>>>
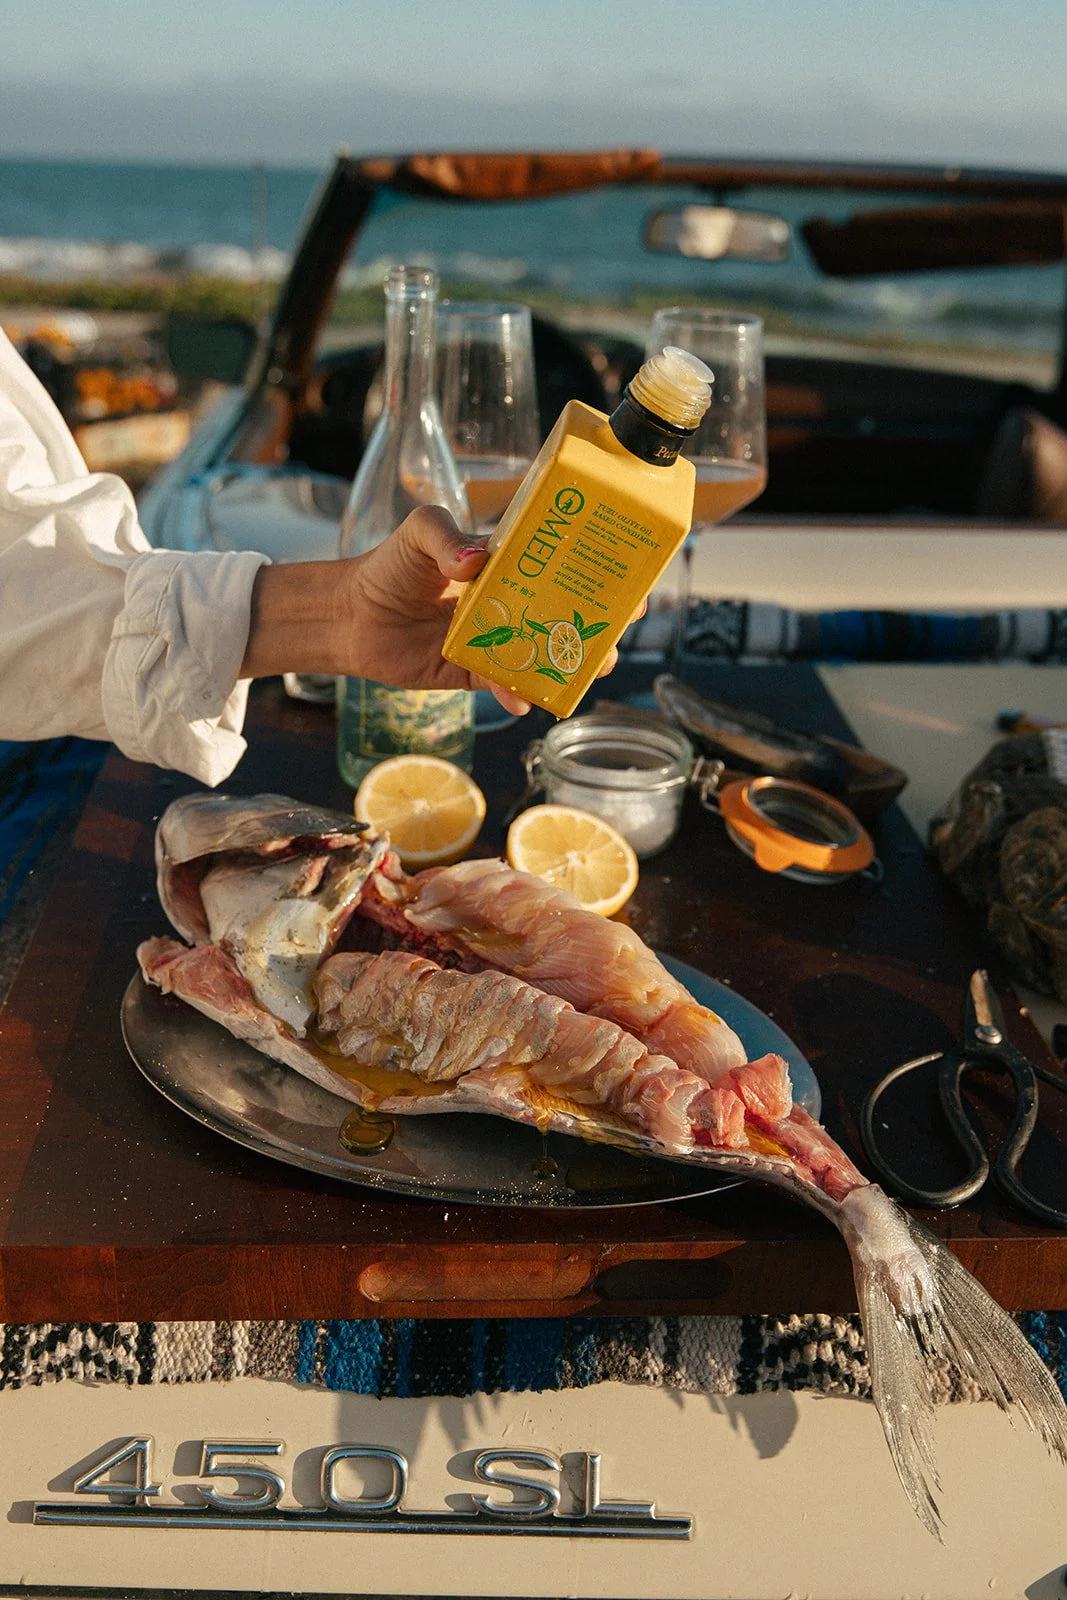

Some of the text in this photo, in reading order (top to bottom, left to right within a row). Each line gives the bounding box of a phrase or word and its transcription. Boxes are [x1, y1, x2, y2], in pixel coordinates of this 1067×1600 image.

[517, 487, 585, 578] OMED
[593, 510, 660, 549] BASED CONDIMENT
[597, 503, 654, 536] YUZU OLIVE OIL
[570, 547, 627, 580] Arbequina olive oil
[575, 538, 628, 571] Yuzu infused with
[555, 570, 596, 594] aceite de oliva
[560, 562, 605, 589] Condimento de
[551, 577, 609, 611] Arbequina con yuzu
[74, 1436, 656, 1518] 450 SL
<<<
Retype the data above in full, exactly as it stands, and skip any image.

### FINISHED EXERCISE
Some of the text in this photo, in reading order (top to bottom, left to right within a row). Each line gives the bounding box of a phrase or word and its transcription. Boxes are [x1, y1, x2, y2], in pixel coordinates of this 1067×1600 image.

[517, 487, 585, 578] OMED
[593, 510, 660, 549] BASED CONDIMENT
[597, 503, 654, 536] YUZU OLIVE OIL
[570, 547, 627, 580] Arbequina olive oil
[575, 538, 628, 571] Yuzu infused with
[555, 570, 596, 594] aceite de oliva
[560, 562, 605, 589] Condimento de
[551, 577, 609, 611] Arbequina con yuzu
[74, 1436, 656, 1518] 450 SL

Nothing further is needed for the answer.